Top of Entries shown
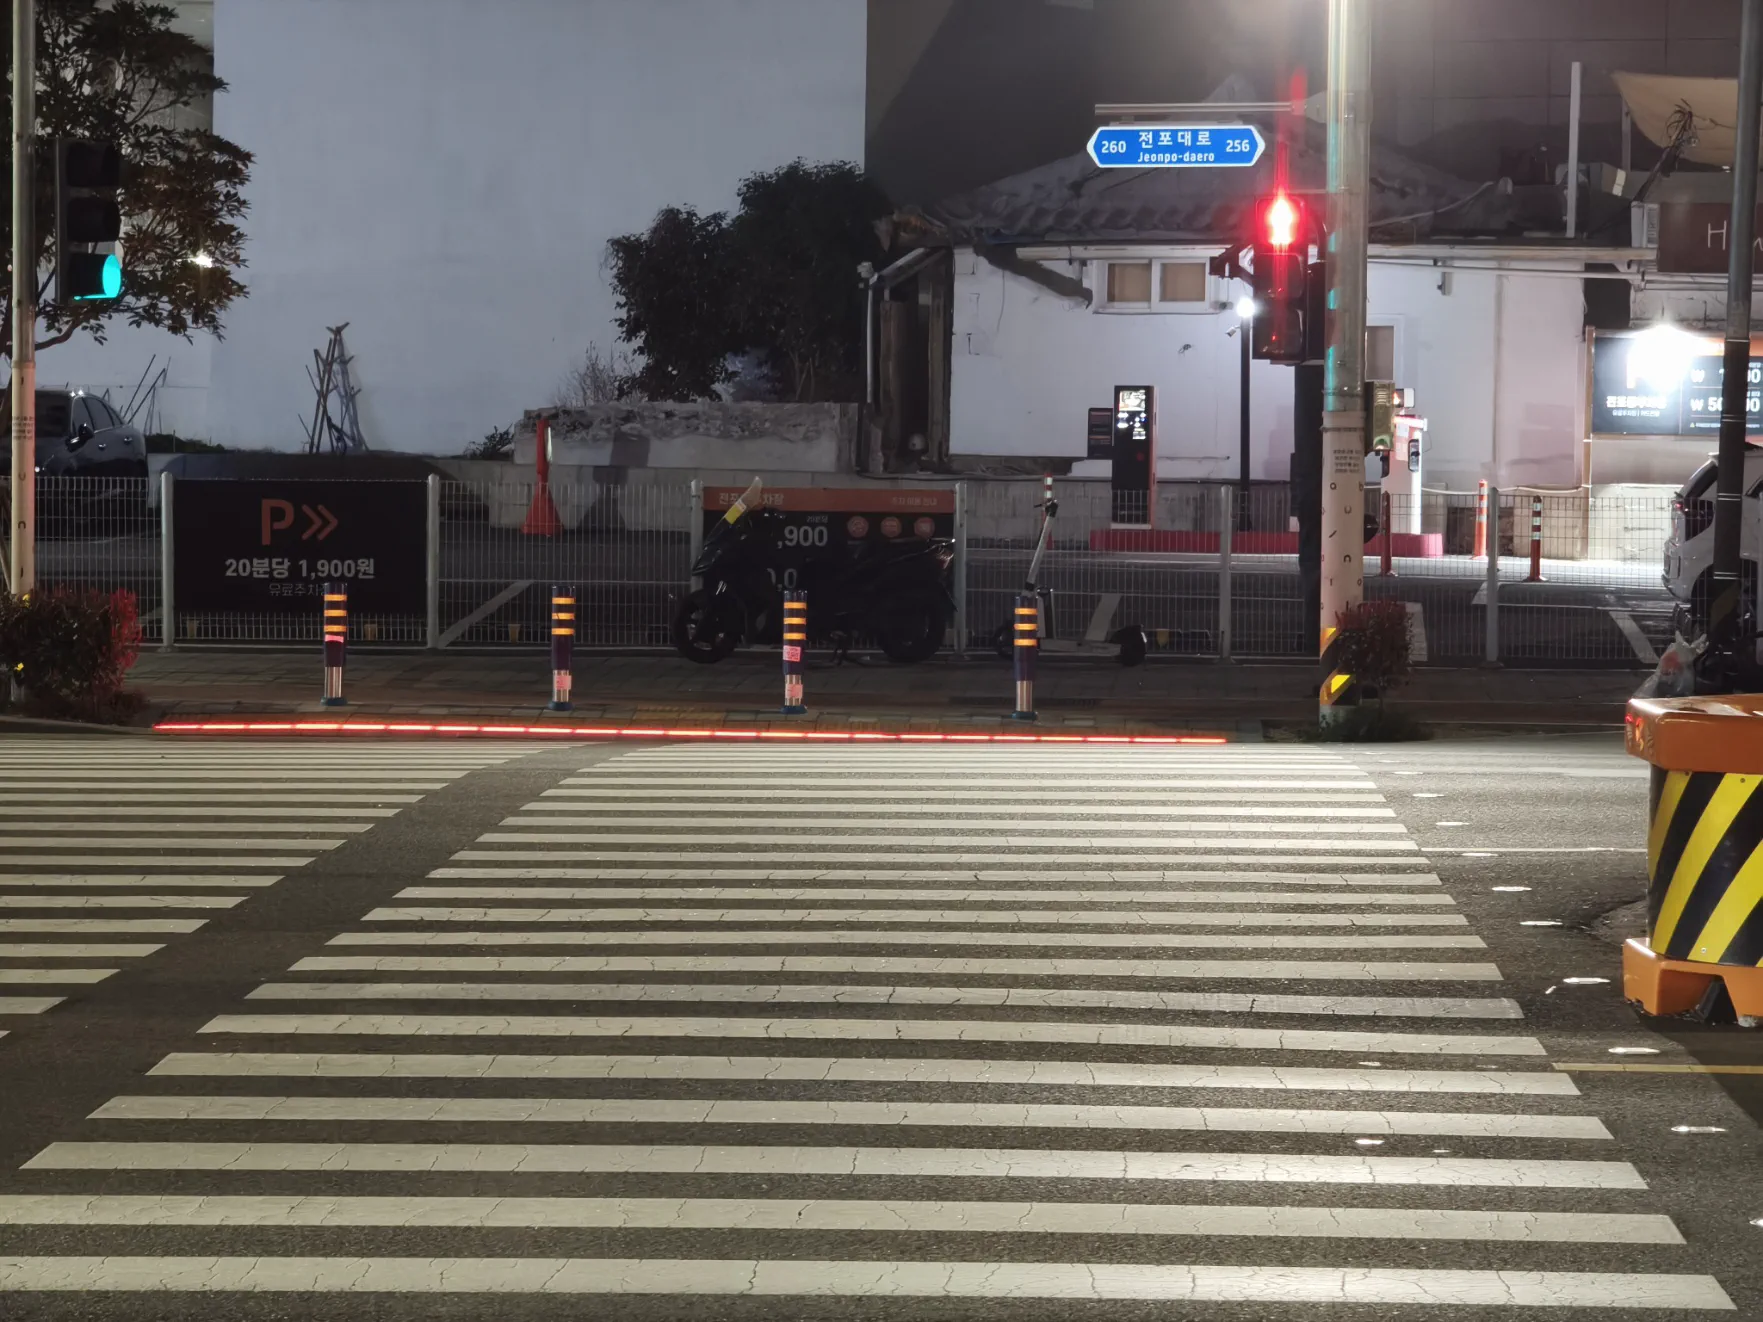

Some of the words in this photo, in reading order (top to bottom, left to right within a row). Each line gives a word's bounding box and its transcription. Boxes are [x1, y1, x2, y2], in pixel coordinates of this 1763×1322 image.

[1101, 140, 1127, 153] 260
[1138, 131, 1212, 149] 전포대로
[1225, 139, 1250, 152] 256
[1137, 151, 1215, 164] Jeonpo-daero
[261, 498, 294, 546] P
[776, 525, 828, 550] ,900
[225, 557, 291, 579] 20분당
[298, 557, 375, 580] 1,900원
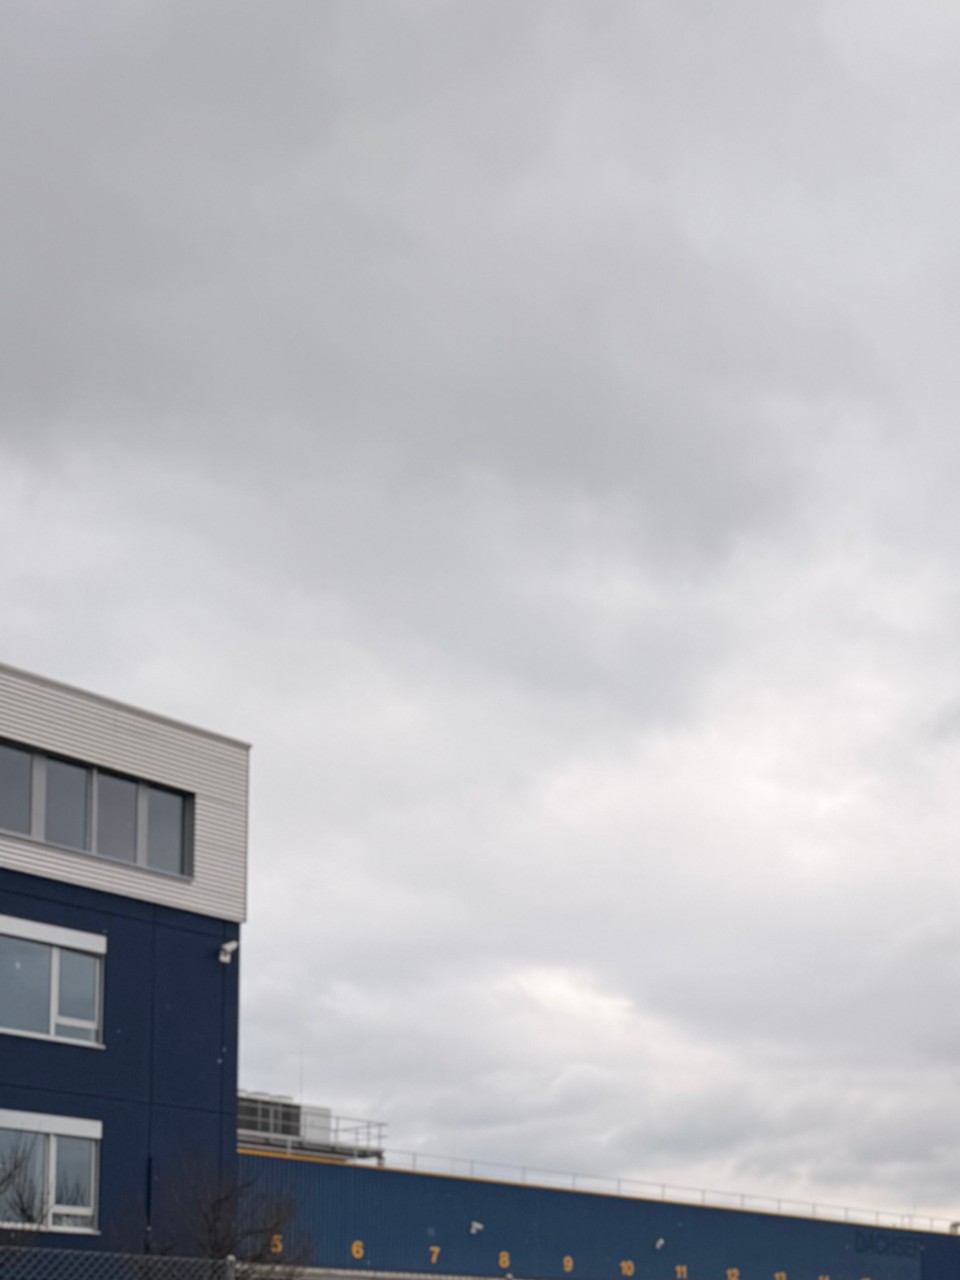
Bottom of Entries shown
• Instructions for the task:
Go through the data and return every word of it verbatim, leaving out the pictures.

• Response to this task:
Some of the words in this photo, in reading order (top to bottom, left to right within a row). Each line gives a word's bounding box and its transcription. Boxes are [x1, y1, x2, y2], in pixel coordinates of this 1763×1322 image.

[1101, 140, 1127, 153] 260
[1138, 131, 1212, 149] 전포대로
[1225, 139, 1250, 152] 256
[1137, 151, 1215, 164] Jeonpo-daero
[261, 498, 294, 546] P
[776, 525, 828, 550] ,900
[225, 557, 291, 579] 20분당
[298, 557, 375, 580] 1,900원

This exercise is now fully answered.